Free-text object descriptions

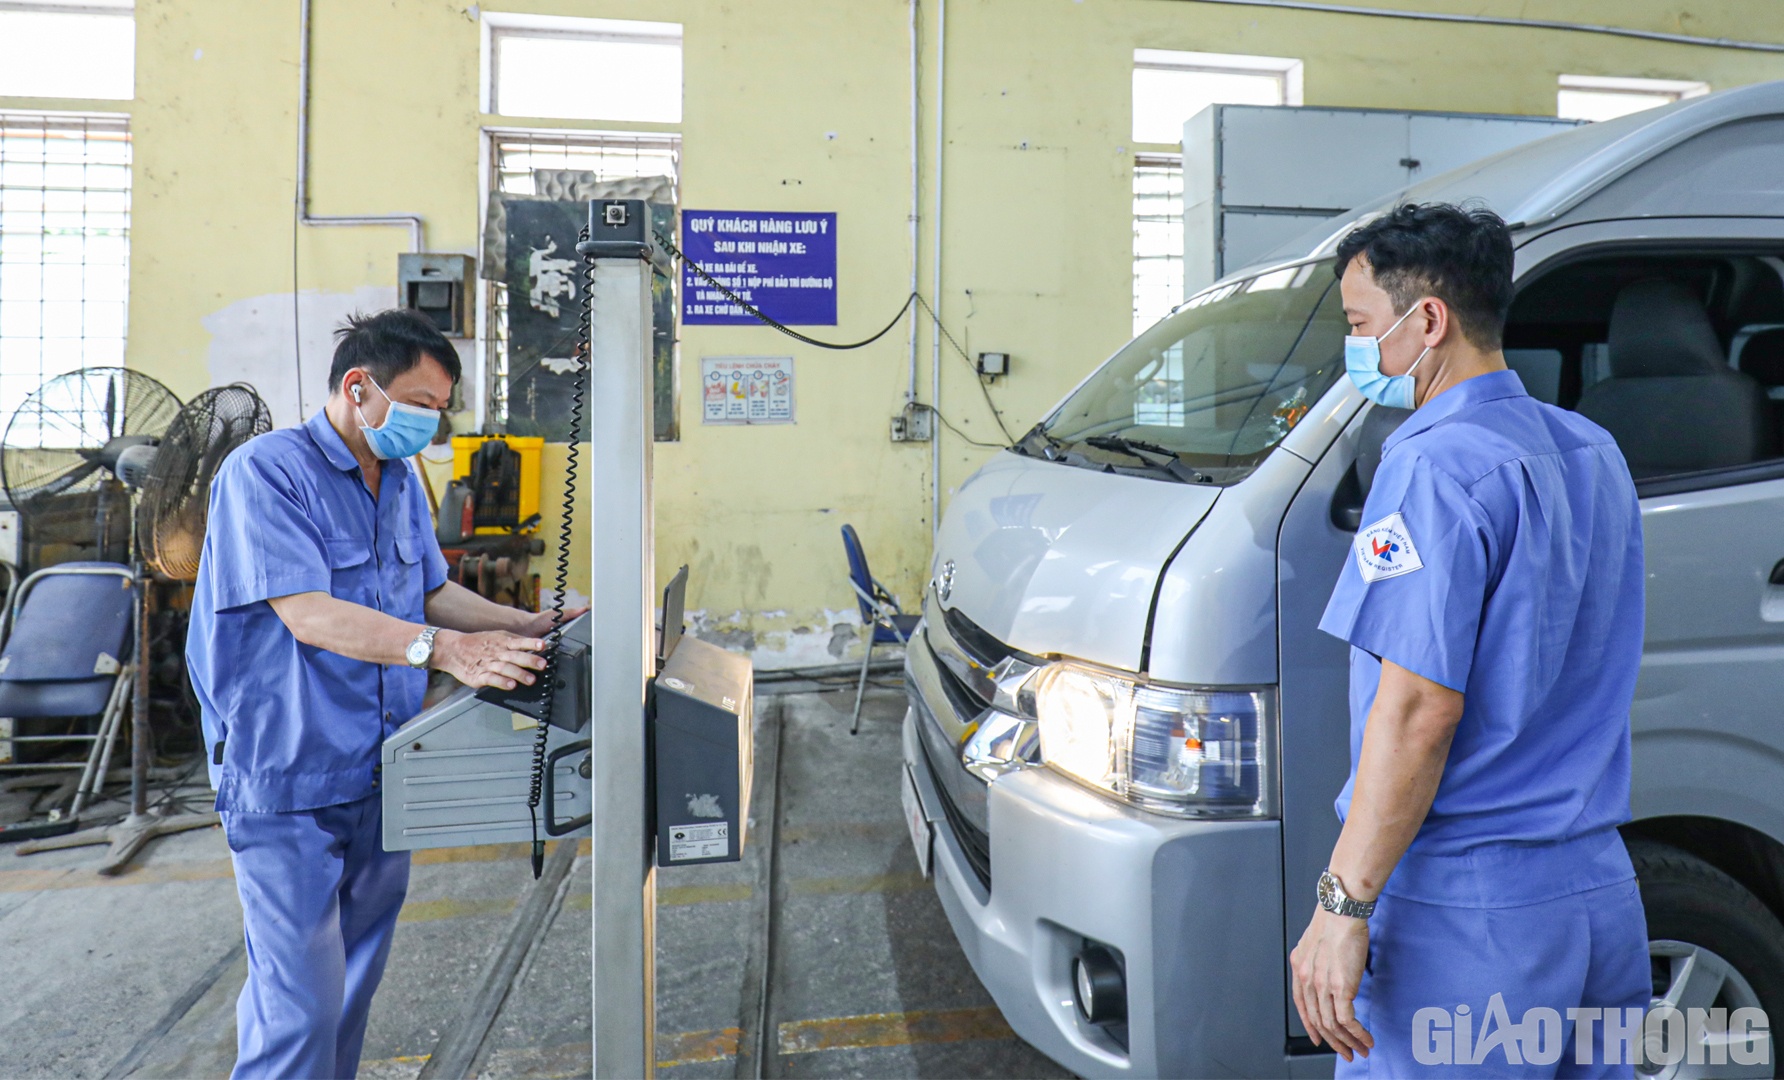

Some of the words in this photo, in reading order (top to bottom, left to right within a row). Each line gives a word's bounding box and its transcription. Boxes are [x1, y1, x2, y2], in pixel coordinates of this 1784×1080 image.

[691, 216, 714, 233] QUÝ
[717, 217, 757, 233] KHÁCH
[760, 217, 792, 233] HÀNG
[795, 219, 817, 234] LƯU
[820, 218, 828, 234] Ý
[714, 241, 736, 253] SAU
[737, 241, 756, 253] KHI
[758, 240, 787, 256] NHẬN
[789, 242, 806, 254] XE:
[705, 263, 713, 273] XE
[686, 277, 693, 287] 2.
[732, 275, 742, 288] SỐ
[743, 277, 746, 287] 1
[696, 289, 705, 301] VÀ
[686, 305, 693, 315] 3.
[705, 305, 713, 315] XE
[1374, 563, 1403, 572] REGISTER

→ **Exercise details**: With the images excluded, reproduce the data above precisely as written.

→ **Answer to this task**:
Some of the words in this photo, in reading order (top to bottom, left to right within a row). Each line gives a word's bounding box and its transcription. Boxes are [x1, y1, x2, y2], in pixel coordinates of this 1784×1080 image.

[691, 216, 714, 233] QUÝ
[717, 217, 757, 233] KHÁCH
[760, 217, 792, 233] HÀNG
[795, 219, 817, 234] LƯU
[820, 218, 828, 234] Ý
[714, 241, 736, 253] SAU
[737, 241, 756, 253] KHI
[758, 240, 787, 256] NHẬN
[789, 242, 806, 254] XE:
[705, 263, 713, 273] XE
[686, 277, 693, 287] 2.
[732, 275, 742, 288] SỐ
[743, 277, 746, 287] 1
[696, 289, 705, 301] VÀ
[686, 305, 693, 315] 3.
[705, 305, 713, 315] XE
[1374, 563, 1403, 572] REGISTER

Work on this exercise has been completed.